Aging the accounts receivable
A schedule of customer balances classified by the length of time they have been unpaid.
Allowance method
A method of accounting for bad debts that involves estimating uncollectible accounts at the end of each period.
Average collection period
The average amount of time that a receivable is outstanding, calculated by dividing 365 days by the accounts receivable turnover.
Bad Debt Expense
An expense account to record losses from extending credit.
Cash (net) realizable value
The net amount a company expects to receive in cash from receivables.
Concentration of credit risk
The threat of nonpayment from a single large customer or class of customers that could adversely affect the financial health of the company.
Direct write-off method
A method of accounting for bad debts that involves charging receivable balances to Bad Debt Expense at the time receivables from a particular company are determined to be uncollectible.
Dishonored (defaulted) note
A note that is not paid in full at maturity.
Factor
A finance company or bank that buys receivables from businesses for a fee and then collects the payments directly from the customers.
Maker
The party in a promissory note who is making the promise to pay.
Notes receivable
Written promise (as evidenced by a formal instrument) for amounts to be received.
Payee
The party to whom payment of a promissory note is to be made.
Percentage-of-receivables basis
A method of estimating the amount of bad debt expense whereby management establishes a percentage relationship between the amount of receivables and the expected losses from uncollectible accounts.
Promissory note
A written promise to pay a specified amount of money on demand or at a definite time.
Receivables
Amounts due from individuals and companies that are expected to be collected in cash.
Trade receivables
Notes and accounts receivable that result from sales transactions.
What type of receivable is evidenced by a formal instrument and normally requires the payment of interest?
a. An account receivable
b. A trade receivable
c. A note receivable
d. Past-due accounts receivables
c. A note receivable
When is a receivable recorded by a service organization?

a. When the bill is sent to the customer
b. When the related expenses are incurred
c. When the customer pays
d. When service is provided on account

d. When service is provided on account
At what value are accounts receivable reported on the balance sheet?

a. Present value

b. Fair market value

c. Maturity value

d. Cash (net) realizable value

d. Cash (net) realizable value
Net credit sales for the month are $4,000,000 for Marx Clothiers. Its accounts receivable balance is $160,000. The allowance is calculated as 7.5% of the receivables balance using the percentage of receivables basis. The Allowance for Doubtful Accounts has a credit balance of $5,000 before adjustment. How much is the balance of the allowance account after adjustment?

a. $12,000

b. $7,000

c. $17,000

d. $300,000

a. $12,000
(160,000 x 7.5%)
Short-term notes receivable are reported at their cash (net) realizable value.

True

False

True
Which one of these statements about promissory notes is incorrect?
a. A promissory note is not a negotiable instrument.

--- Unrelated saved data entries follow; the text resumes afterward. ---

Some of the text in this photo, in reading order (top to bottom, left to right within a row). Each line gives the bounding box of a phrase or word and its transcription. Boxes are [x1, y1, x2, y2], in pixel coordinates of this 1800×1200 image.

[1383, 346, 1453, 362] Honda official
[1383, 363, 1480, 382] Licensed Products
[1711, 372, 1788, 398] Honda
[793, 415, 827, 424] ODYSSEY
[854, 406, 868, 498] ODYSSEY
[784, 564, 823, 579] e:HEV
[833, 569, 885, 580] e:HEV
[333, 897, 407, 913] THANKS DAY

b. A promissory note is more liquid than an account receivable.

c. The party making the promise to pay is called the maker.

d. The party to whom payment is to be made is called the payee.

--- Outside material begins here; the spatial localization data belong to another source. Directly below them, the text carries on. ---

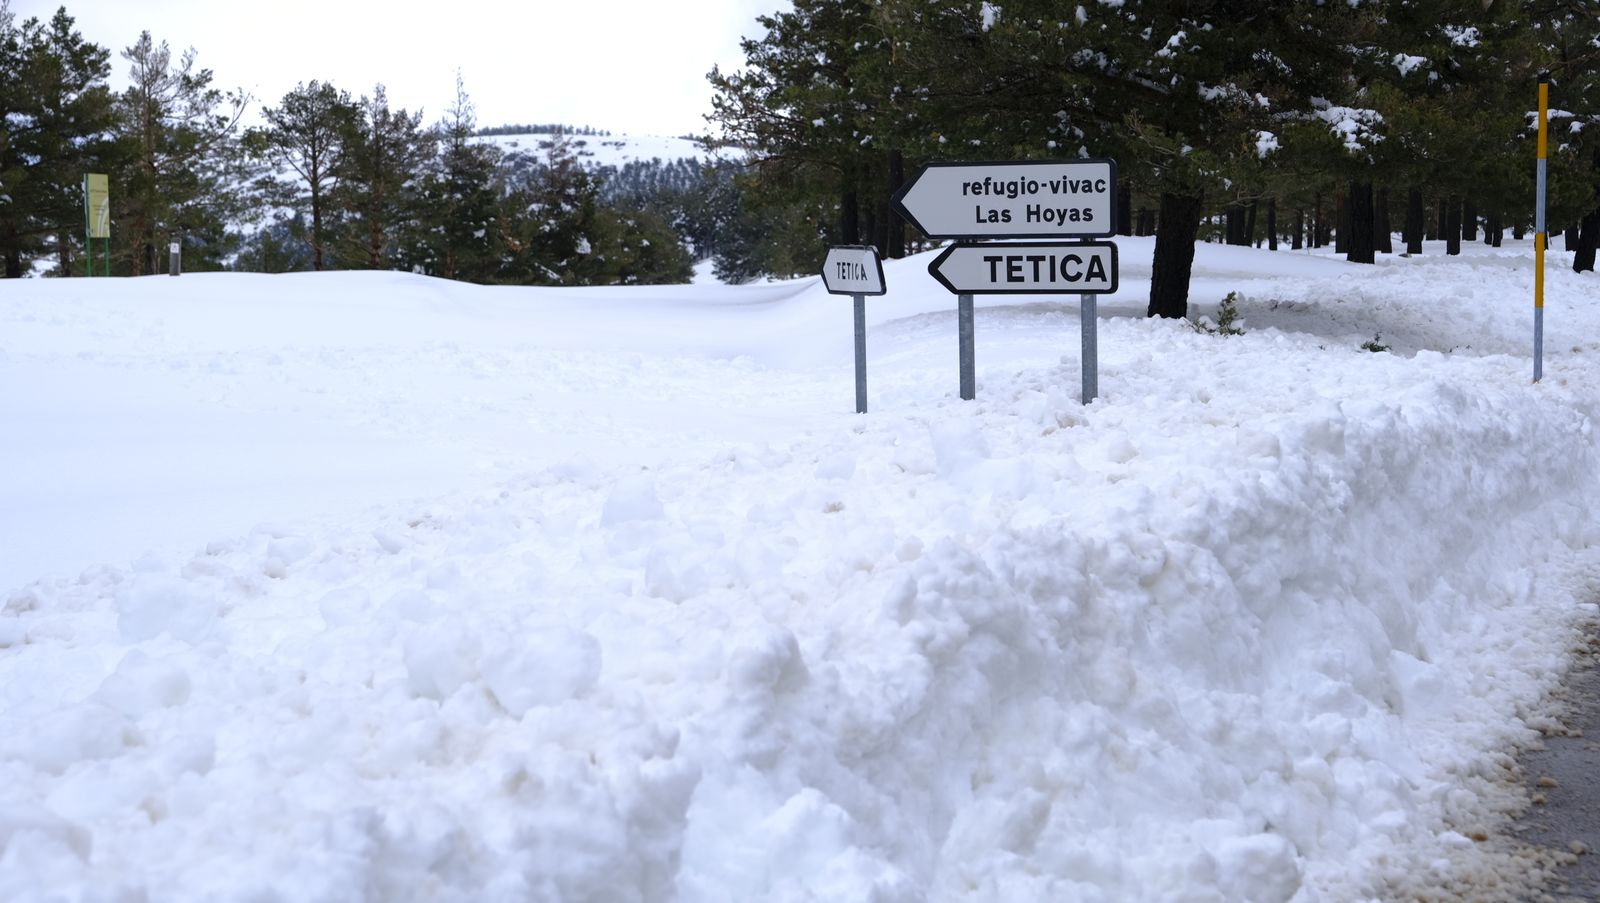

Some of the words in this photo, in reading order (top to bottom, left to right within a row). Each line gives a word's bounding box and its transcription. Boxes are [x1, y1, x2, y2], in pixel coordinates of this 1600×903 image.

[962, 175, 1107, 199] refugio-vivac
[975, 205, 1012, 224] Las
[1026, 204, 1094, 226] Hoyas
[836, 261, 868, 281] TETICA
[983, 253, 1108, 284] TETICA

a. A promissory note is not a negotiable instrument.
Which of the following is the debit effect of the journal entry to record the dishonor of a note receivable?

a. Loss on Notes Receivable

b. Allowance for Doubtful Accounts

c. Bad Debts Expense

d. Accounts Receivable

d. Accounts Receivable
Which one of the following is not one of the principles of managing accounts receivable?

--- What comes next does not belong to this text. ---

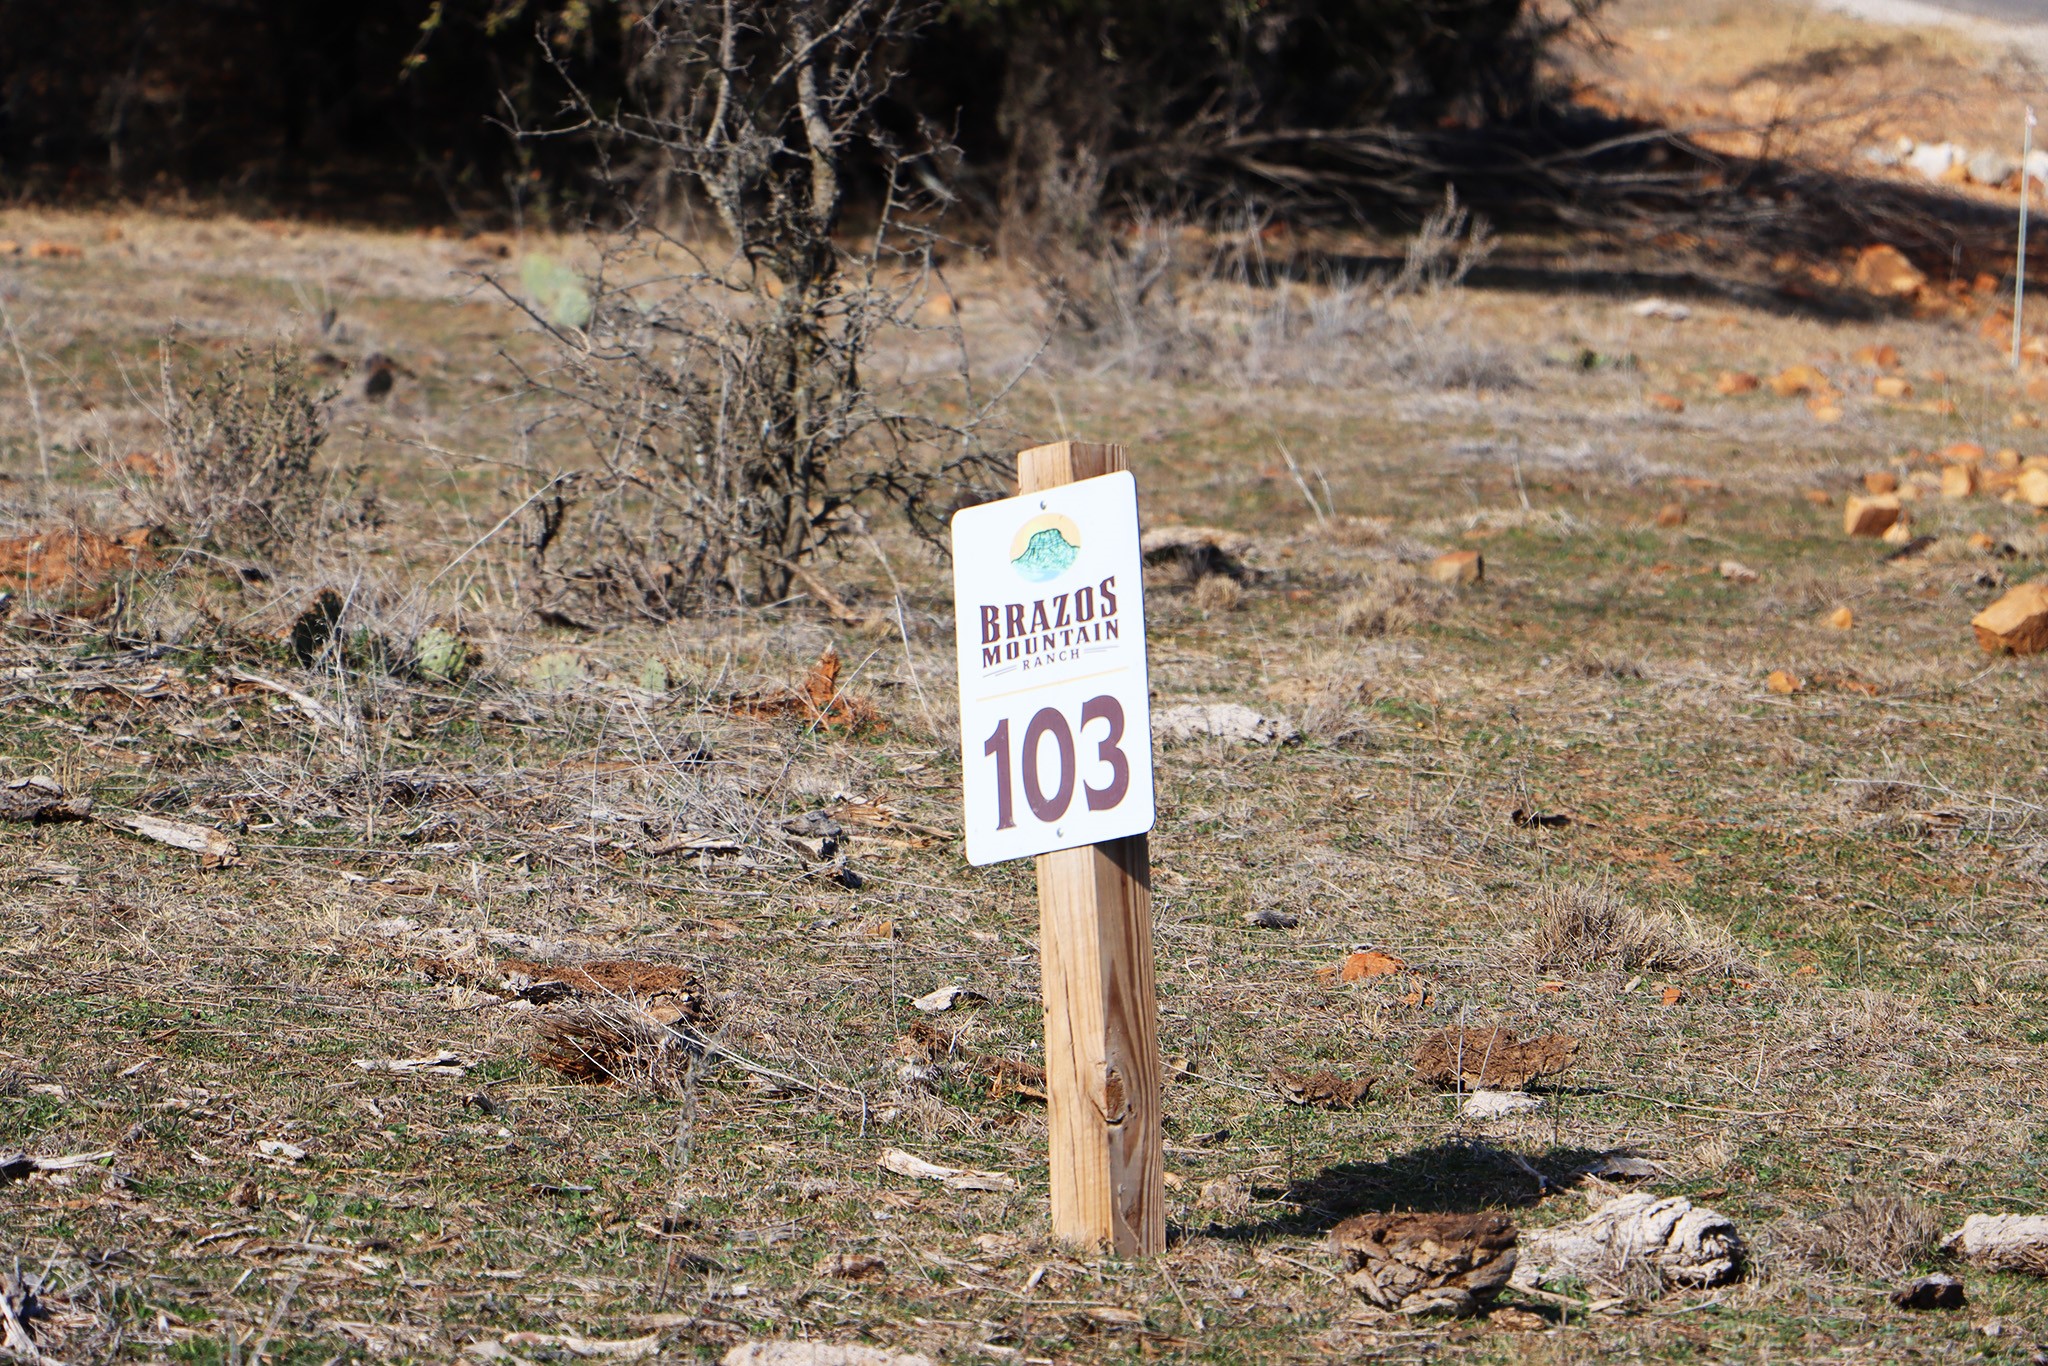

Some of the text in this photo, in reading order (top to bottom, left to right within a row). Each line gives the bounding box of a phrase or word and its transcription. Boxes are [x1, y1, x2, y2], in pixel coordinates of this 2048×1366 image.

[980, 575, 1118, 644] BRAZOS
[982, 619, 1119, 668] MOUNTAIN
[1023, 649, 1080, 670] RANCH
[984, 694, 1130, 830] 103

a. Accelerating cash receipts from receivables when necessary

b. Determining from which vendor credit should be requested

c. Establishing a payment period

d. Monitoring collections

b. Determining from which vendor credit should be requested
Which of these statements about Visa credit card sales is incorrect?

a. The credit card issuer conducts the credit investigation of the customer.

b. The retailer is not involved in the collection process.

c. The retailer receives cash more quickly than it would from individual customers.

d. The retailer must wait to receive payment from the issuer.

d. The retailer must wait to receive payment from the issuer.
What approach does IFRS require when testing whether the value of loans and receivable are impaired?

a. A company should look at specific loans and receivables to determine if impaired, and then evaluate as a group.

b. A company should look at specific loans and receivables to determine if impaired, and then write those off.

c. A company should write off those receivables that are impaired, and then attempt to collect those amounts.

d. A company should estimate how much will not be collected, and then write off amounts not collected.

a. A company should look at specific loans and receivables to determine if impaired, and then evaluate as a group.